EXERCISE DIRECTIONS
Each line from the one containing "this 2160×1441 image." onward, through the end of the entries, is to be transcribed exactly; nothing else is to be included.
********
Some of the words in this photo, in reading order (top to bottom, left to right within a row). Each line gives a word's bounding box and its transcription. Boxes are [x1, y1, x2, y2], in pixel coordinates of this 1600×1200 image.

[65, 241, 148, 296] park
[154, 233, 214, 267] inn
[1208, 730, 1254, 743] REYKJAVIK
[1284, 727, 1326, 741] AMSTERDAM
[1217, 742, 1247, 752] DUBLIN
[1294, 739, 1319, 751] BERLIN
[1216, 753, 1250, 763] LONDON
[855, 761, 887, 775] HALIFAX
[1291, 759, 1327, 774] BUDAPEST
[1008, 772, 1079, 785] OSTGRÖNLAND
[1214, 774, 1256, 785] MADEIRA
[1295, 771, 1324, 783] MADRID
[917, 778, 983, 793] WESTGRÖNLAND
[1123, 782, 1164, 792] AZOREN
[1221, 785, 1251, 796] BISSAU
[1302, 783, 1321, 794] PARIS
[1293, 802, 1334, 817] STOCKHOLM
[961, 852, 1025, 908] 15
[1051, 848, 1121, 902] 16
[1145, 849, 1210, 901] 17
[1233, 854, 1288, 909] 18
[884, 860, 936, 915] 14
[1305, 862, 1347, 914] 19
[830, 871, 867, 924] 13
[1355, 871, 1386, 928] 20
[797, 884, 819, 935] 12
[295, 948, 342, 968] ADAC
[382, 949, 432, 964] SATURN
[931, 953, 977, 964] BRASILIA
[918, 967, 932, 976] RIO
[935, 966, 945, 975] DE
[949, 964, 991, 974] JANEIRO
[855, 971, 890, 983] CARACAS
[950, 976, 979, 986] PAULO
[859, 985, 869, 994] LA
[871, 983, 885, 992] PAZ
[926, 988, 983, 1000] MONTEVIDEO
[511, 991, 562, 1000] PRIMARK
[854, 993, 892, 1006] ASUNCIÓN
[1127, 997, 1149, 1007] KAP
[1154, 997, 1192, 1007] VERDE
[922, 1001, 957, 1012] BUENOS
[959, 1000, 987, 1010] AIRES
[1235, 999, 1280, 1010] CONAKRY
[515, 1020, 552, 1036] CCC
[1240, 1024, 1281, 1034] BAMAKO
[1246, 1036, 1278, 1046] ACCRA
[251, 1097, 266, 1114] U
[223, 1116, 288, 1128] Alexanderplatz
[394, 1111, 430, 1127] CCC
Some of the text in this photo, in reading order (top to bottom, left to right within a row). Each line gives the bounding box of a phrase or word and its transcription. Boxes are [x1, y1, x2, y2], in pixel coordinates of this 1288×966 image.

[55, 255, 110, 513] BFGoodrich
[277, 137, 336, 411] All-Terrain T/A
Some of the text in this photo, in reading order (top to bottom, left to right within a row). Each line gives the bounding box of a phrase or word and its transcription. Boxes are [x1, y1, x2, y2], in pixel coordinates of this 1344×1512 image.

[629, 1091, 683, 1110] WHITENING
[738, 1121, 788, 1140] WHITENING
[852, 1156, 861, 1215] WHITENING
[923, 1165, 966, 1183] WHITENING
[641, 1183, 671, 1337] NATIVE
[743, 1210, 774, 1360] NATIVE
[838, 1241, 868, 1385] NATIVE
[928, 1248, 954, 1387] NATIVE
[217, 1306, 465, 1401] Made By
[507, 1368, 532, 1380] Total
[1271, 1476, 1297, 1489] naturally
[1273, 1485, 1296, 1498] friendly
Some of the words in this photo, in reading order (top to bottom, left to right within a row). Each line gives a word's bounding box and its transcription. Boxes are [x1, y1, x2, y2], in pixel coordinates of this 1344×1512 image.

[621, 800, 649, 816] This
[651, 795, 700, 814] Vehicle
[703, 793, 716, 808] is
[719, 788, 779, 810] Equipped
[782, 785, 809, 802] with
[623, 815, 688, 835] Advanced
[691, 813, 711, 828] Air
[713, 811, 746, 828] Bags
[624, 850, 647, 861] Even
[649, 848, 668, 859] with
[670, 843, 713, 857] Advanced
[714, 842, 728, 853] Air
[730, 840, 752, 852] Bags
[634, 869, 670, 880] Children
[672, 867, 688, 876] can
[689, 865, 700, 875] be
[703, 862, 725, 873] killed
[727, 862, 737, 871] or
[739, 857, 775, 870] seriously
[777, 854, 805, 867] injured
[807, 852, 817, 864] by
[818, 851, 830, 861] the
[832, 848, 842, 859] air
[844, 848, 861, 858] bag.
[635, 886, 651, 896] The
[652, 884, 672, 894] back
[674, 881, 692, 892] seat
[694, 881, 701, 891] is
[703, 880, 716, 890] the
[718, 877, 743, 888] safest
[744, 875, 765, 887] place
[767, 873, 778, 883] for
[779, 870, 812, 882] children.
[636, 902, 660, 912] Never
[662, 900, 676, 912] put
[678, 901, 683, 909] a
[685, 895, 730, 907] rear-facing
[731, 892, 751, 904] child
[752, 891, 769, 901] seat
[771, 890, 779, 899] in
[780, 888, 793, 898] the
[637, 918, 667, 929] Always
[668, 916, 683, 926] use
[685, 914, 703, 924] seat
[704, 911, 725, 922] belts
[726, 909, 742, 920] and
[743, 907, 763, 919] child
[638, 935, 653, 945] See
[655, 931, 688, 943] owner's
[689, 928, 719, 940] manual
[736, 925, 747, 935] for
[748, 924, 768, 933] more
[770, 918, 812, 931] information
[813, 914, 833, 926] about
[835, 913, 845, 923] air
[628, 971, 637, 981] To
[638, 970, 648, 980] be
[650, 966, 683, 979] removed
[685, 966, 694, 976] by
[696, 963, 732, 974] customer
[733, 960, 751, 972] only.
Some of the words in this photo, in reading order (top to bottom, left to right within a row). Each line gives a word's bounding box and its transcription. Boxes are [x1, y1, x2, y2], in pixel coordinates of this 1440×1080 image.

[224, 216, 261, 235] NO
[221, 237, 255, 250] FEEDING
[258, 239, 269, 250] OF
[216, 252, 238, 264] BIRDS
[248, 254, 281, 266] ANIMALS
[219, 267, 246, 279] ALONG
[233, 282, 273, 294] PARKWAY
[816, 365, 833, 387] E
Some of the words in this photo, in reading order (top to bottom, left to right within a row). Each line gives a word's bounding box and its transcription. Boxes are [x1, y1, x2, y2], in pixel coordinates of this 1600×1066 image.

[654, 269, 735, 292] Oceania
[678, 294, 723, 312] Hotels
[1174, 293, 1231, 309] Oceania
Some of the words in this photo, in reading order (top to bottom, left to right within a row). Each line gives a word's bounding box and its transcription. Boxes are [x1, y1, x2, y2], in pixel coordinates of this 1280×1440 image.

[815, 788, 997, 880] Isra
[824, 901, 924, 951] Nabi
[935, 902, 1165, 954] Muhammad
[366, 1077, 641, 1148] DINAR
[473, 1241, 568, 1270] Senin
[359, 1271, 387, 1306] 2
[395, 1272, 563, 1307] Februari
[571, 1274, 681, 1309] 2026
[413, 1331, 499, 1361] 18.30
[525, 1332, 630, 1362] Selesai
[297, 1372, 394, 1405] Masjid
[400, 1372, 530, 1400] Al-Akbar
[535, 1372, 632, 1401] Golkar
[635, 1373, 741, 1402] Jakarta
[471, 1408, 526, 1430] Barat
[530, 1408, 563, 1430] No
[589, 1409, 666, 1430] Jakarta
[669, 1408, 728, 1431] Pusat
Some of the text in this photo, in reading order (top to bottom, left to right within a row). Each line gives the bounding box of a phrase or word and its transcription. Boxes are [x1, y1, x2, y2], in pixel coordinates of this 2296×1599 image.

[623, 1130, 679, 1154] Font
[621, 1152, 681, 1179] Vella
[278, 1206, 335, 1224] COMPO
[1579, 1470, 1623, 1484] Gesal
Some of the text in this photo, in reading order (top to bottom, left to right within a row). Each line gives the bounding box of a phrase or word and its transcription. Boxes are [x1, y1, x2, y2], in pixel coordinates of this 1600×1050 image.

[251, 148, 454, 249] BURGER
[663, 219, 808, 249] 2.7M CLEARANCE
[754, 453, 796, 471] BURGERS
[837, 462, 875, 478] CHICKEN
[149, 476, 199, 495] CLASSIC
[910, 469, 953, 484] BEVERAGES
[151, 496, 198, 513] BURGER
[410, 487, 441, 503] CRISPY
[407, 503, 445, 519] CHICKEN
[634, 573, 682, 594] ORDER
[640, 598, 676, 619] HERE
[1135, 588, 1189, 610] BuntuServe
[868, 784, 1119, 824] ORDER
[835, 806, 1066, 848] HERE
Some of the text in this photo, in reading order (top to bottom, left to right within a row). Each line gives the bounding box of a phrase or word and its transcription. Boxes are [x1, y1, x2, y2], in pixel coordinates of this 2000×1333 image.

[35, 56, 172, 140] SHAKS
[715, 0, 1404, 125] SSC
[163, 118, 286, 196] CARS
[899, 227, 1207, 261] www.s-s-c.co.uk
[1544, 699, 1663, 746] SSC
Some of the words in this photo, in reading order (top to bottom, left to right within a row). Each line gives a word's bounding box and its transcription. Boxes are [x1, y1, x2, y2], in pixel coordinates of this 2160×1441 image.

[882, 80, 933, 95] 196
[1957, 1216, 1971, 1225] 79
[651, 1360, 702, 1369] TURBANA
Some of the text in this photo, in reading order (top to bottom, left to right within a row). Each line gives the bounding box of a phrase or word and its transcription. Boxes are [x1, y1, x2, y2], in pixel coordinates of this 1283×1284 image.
********
TASK RESULT
Some of the words in this photo, in reading order (top to bottom, left to right within a row). Each line gives a word's bounding box and its transcription. Boxes are [x1, y1, x2, y2], in pixel coordinates of this 2160×1441 image.

[882, 80, 933, 95] 196
[1957, 1216, 1971, 1225] 79
[651, 1360, 702, 1369] TURBANA
Some of the text in this photo, in reading order (top to bottom, left to right within a row). Each line gives the bounding box of a phrase or word and its transcription. Boxes are [x1, y1, x2, y2], in pixel coordinates of this 1283×1284 image.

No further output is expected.